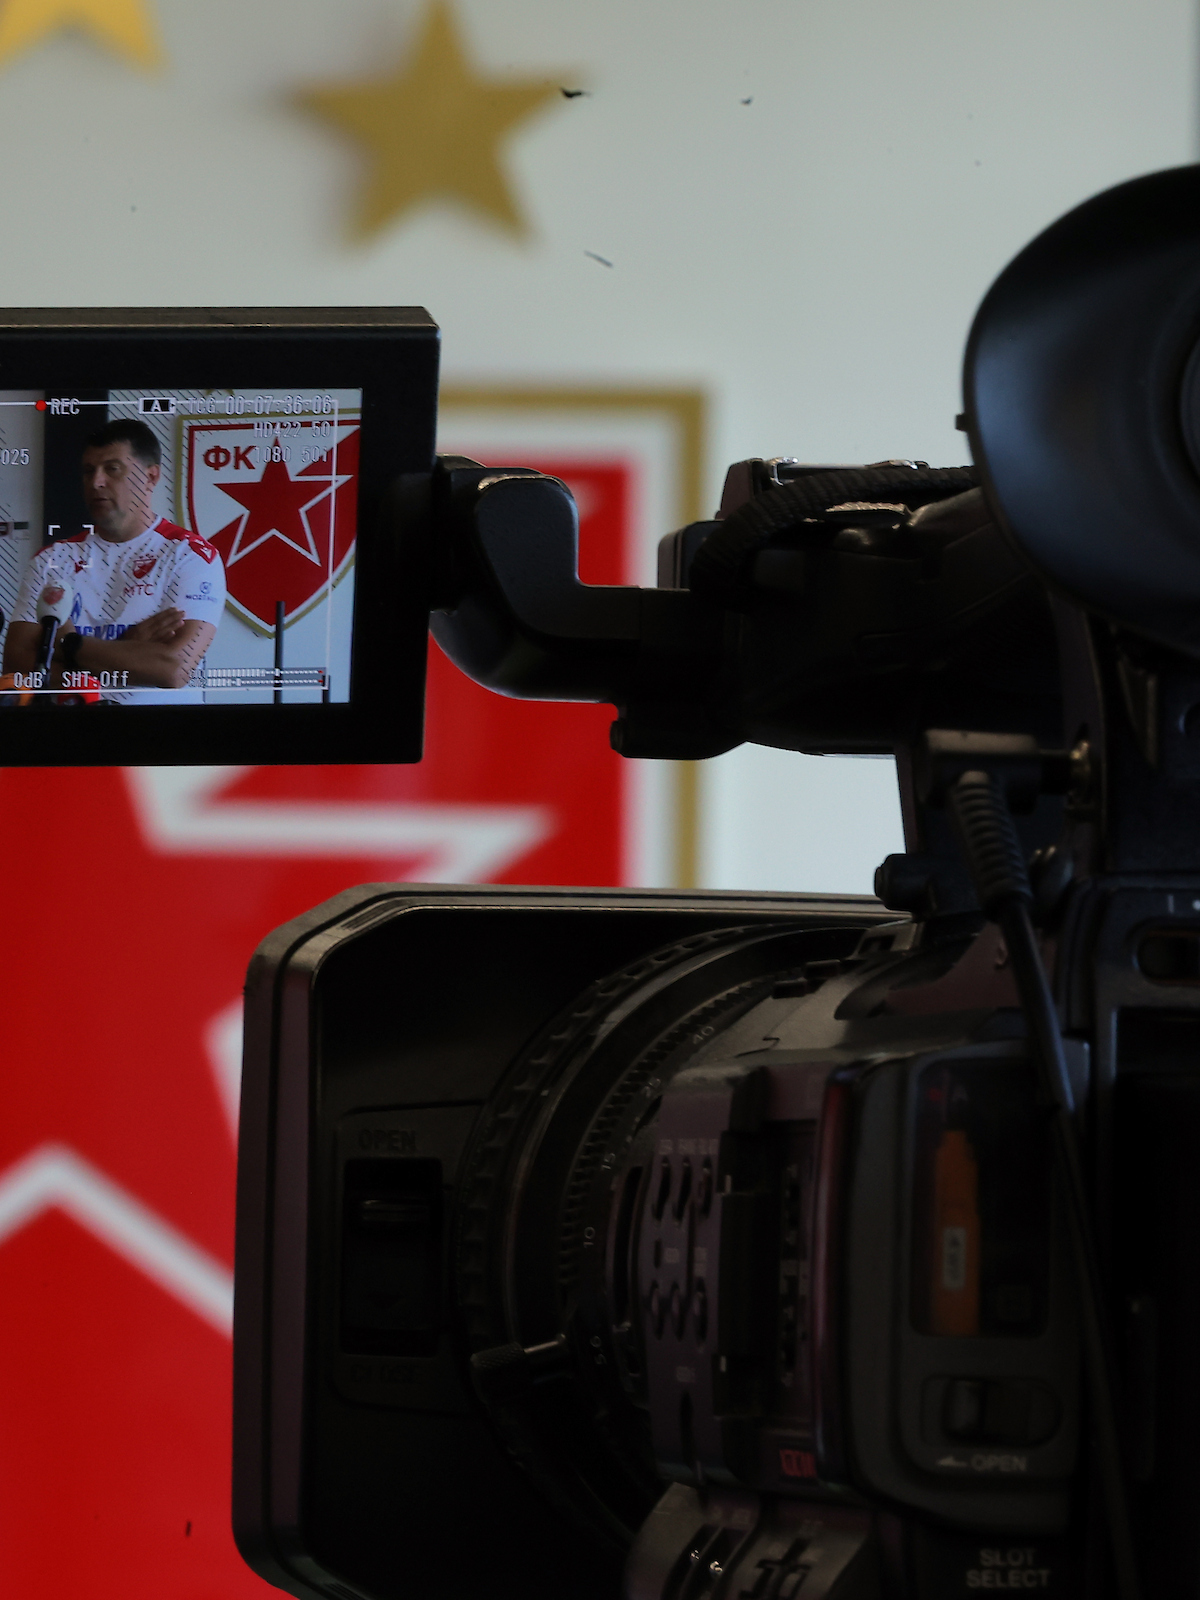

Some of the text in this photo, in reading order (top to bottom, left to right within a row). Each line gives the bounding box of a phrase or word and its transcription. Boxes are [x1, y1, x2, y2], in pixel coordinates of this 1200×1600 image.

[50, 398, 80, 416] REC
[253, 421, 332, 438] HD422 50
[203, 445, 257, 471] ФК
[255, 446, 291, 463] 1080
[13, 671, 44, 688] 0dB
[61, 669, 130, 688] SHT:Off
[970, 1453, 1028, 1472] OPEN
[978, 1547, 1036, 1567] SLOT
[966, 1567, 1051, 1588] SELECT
★ ★ ★ ★
Please print the data above once more, exactly and without images.

→ Finished exercise:
Some of the text in this photo, in reading order (top to bottom, left to right within a row). Each line gives the bounding box of a phrase or word and its transcription. Boxes are [x1, y1, x2, y2], in pixel coordinates of this 1200×1600 image.

[50, 398, 80, 416] REC
[253, 421, 332, 438] HD422 50
[203, 445, 257, 471] ФК
[255, 446, 291, 463] 1080
[13, 671, 44, 688] 0dB
[61, 669, 130, 688] SHT:Off
[970, 1453, 1028, 1472] OPEN
[978, 1547, 1036, 1567] SLOT
[966, 1567, 1051, 1588] SELECT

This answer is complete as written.